Photo 2: High on an Electricity Pylon in Eastern China  Source: China Daily/Reuters

Photo 2: High on an Electricity Pylon in Eastern China Source: China Daily/Reuters

Besides its growing economic presence in Latin America, China has made some cultural inroads as well. Since 2012, China has opened 32 new Confucius Institutes all over Latin America, a Chinese foreign ministry deputy announced. Hotels in the region have begun to prepare for the increasing number of Chinese tourists by making the menus available in Mandarin.14 This confirms the larger trend of more Chinese tourists going to developing countries beyond Asia and advanced economies in North America and Western Europe, making China the world’s number one tourist-sending nation in 2013 with approximately 100 million overseas trips.


China in the Middle East: Reviving the Silk Road

Tracing what China is doing in the conventionally defined developing world has taken us to Asia, Africa and Latin America. Yet given China’s huge demand for external energy, we are not surprised at all to see China’s growing presence in the Middle East, whose energy sector ranks second behind Asia in absorbing Chinese investment (see Figure 1).

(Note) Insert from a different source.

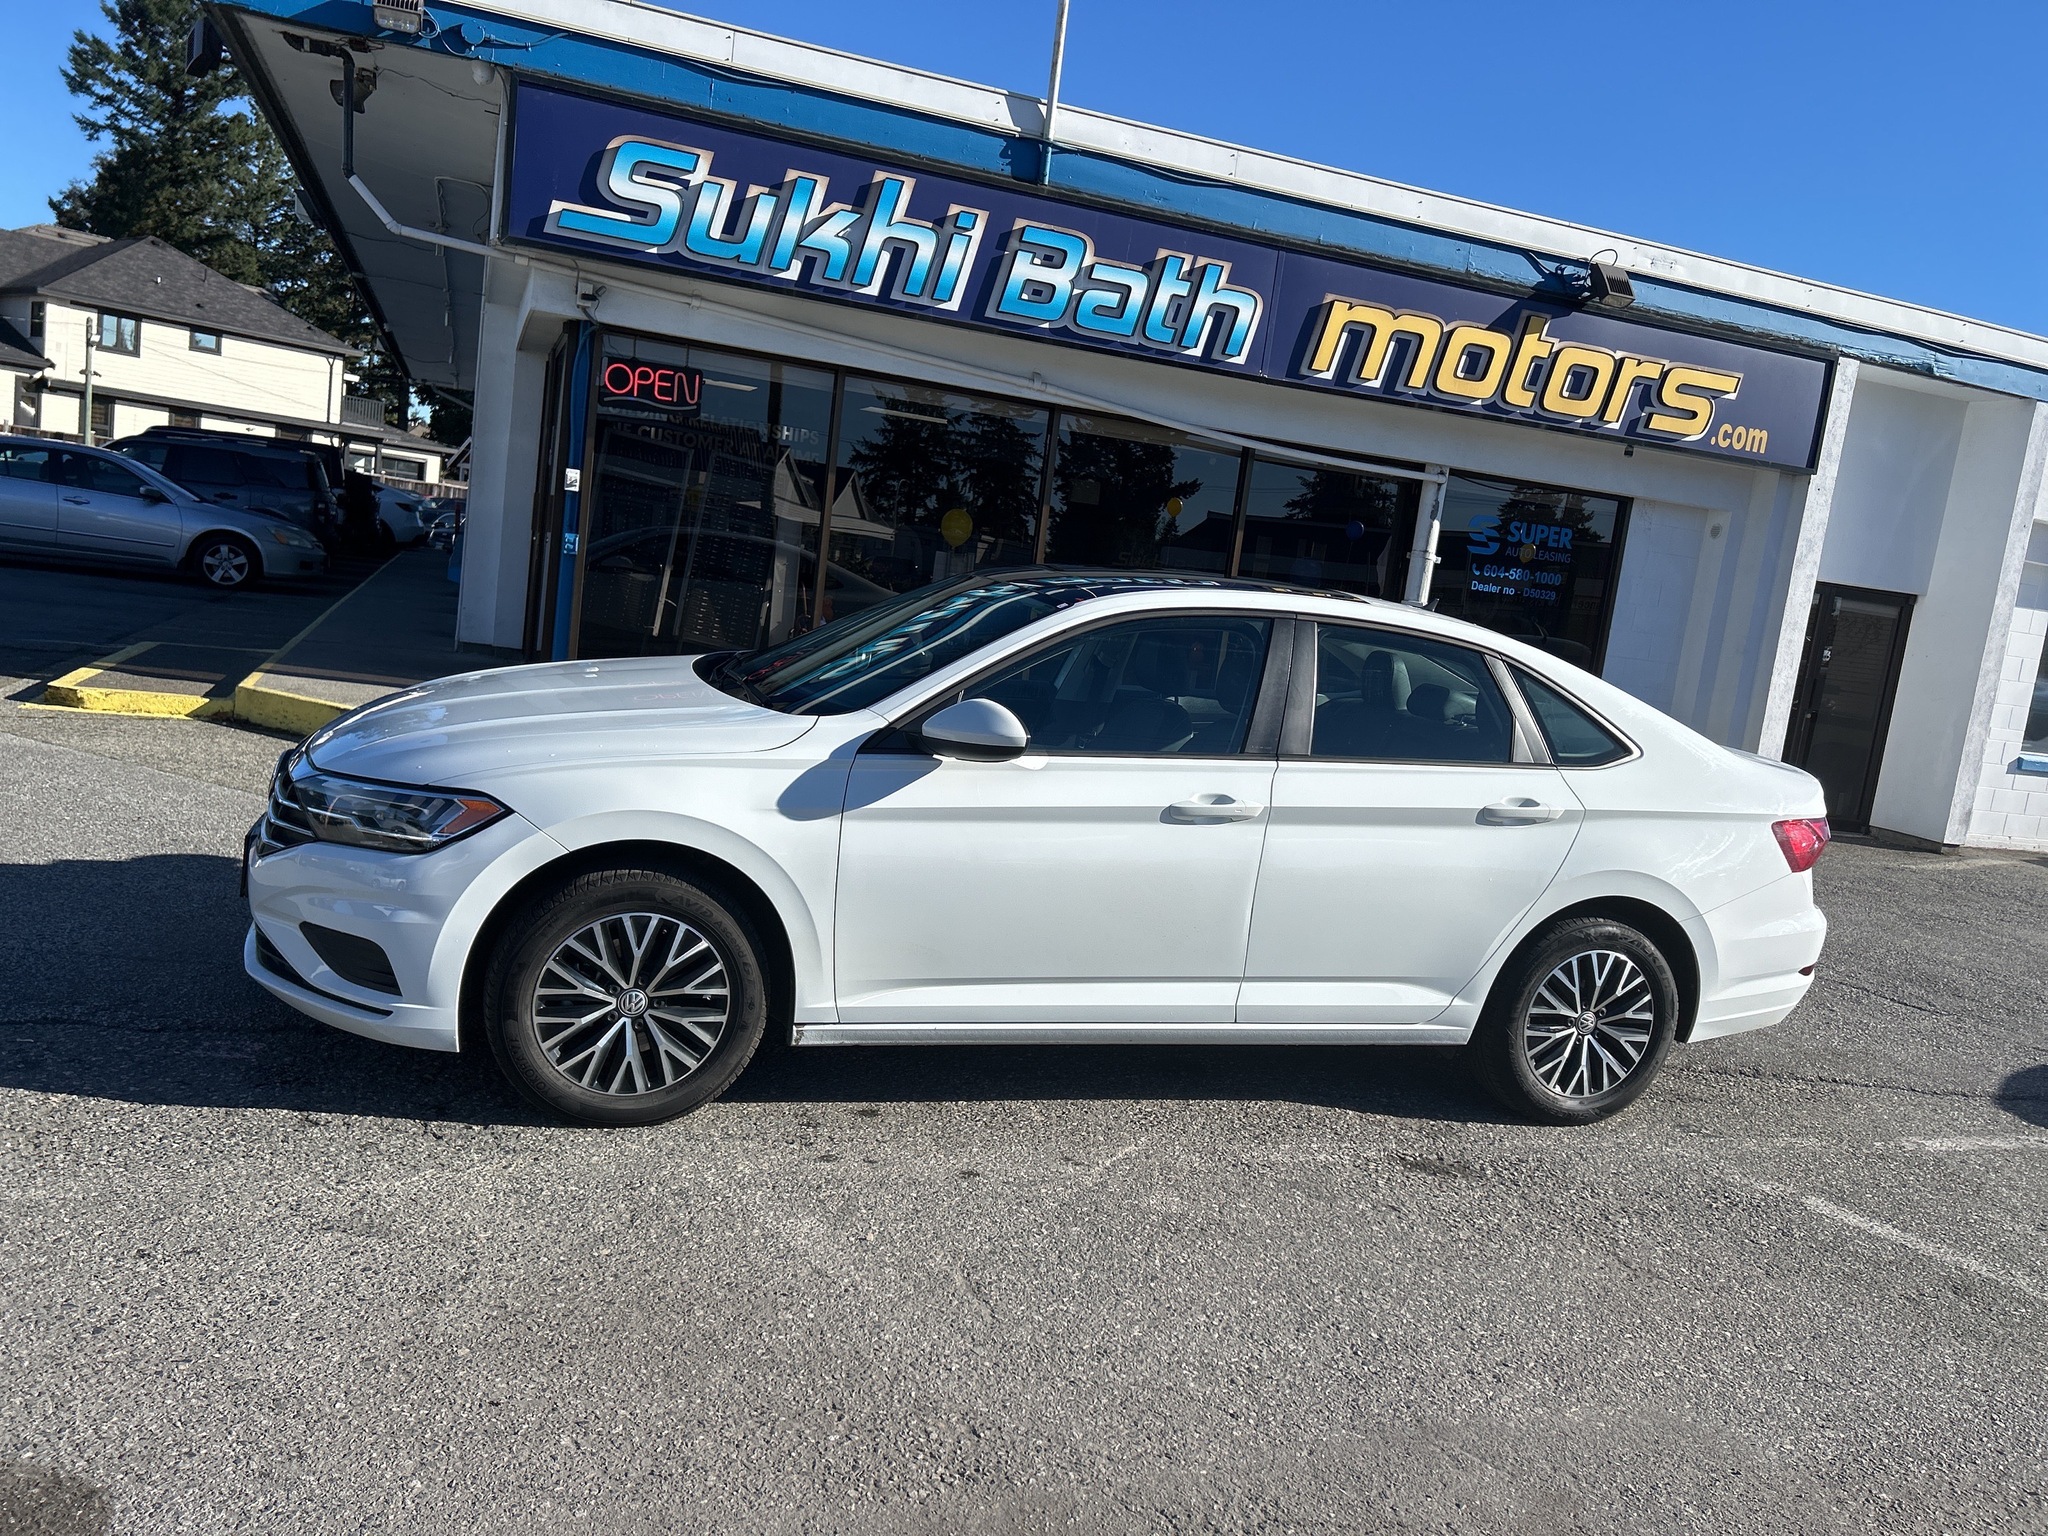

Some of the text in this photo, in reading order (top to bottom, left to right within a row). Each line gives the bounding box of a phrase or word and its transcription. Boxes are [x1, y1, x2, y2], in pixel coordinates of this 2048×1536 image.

Despite China’s massive efforts to secure energy from Asia and Africa, as well as from Venezuela in Latin America, its dependency on Middle Eastern oil has risen over time. The Middle East is currently the largest exporter of crude oil to China. The share of oil imported by China from the Middle East was 48% in 1990, 49% in 2005, and 51% in 2011. It is expected that China’s crude oil imports from the Middle East will reach 70% by 2020 and continue to grow until 2035, according to the International Energy Agency. Saudi Arabia is China’s largest energy supplier with about one million barrels per day, accounting for 20% of China’s crude oil imports. Iran, another big oil supplier, contributes about 10% to China’s overall oil imports as well (see Figure 2). China has maintained a friendly relationship with both Saudi Arabia and Iran. A number of top Chinese leaders including Hu Jintao and the current president Xi Jinping have visited Saudi Arabia. And China has been dragging its feet on the UN sanctions against Iran.15 These diplomatic postures toward the Middle East conform to China’s pragmatic economic policies and interests in other energy- and commodity-rich regions such as Africa and Latin America.

But China’s interest in the Middle East does not stop with oil. “As with other regions, China has rapidly expanded its economic ties with the Middle East through trade. From 2005 to 2009, China’s total trade volume with the Middle East rose 87%, to $100 billion and reached approximately $222 billion in 2012, according to China’s official statistics. This surge pushed China to surpass the United States as the top destination for the Middle East’s exports in 2010. China’s exports to the Middle East are primarily low-cost household goods that benefit the average Middle East consumer. An example is growing numbers of Egyptians being able to afford inexpensive Chinese cars. Also, residents in the Gaza Strip suffering from the Israeli blockade depend on cheap Chinese goods in their daily lives.”16

As many African countries have done, some Middle Eastern governments have brought Chinese contractors in to work on major infrastructure projects. Egypt has also partnered with China to develop its Suez special economic zone, a development strategy that China had used itself and promoted in Africa and the least developed parts of Southeast Asia like Laos. While China has diversified its investment in the Middle East, it is much more concentrated in the energy sector than in infrastructure (Figure 1). This further establishes China’s significant dependency on the Middle East for energy resources, namely oil. However, once we factor in the non-oil related Chinese economic activities, China’s footprint in the Middle East becomes somewhat similar to the large scope of China’s economic influence in the other three developing regions, especially in several major countries where China has moved beyond energy into infrastructure and commodities (see Figures 1 and 2). In this sense, the Middle East still marks the old destination for China’s new effort to revive the ancient Silk Road through Central Asia.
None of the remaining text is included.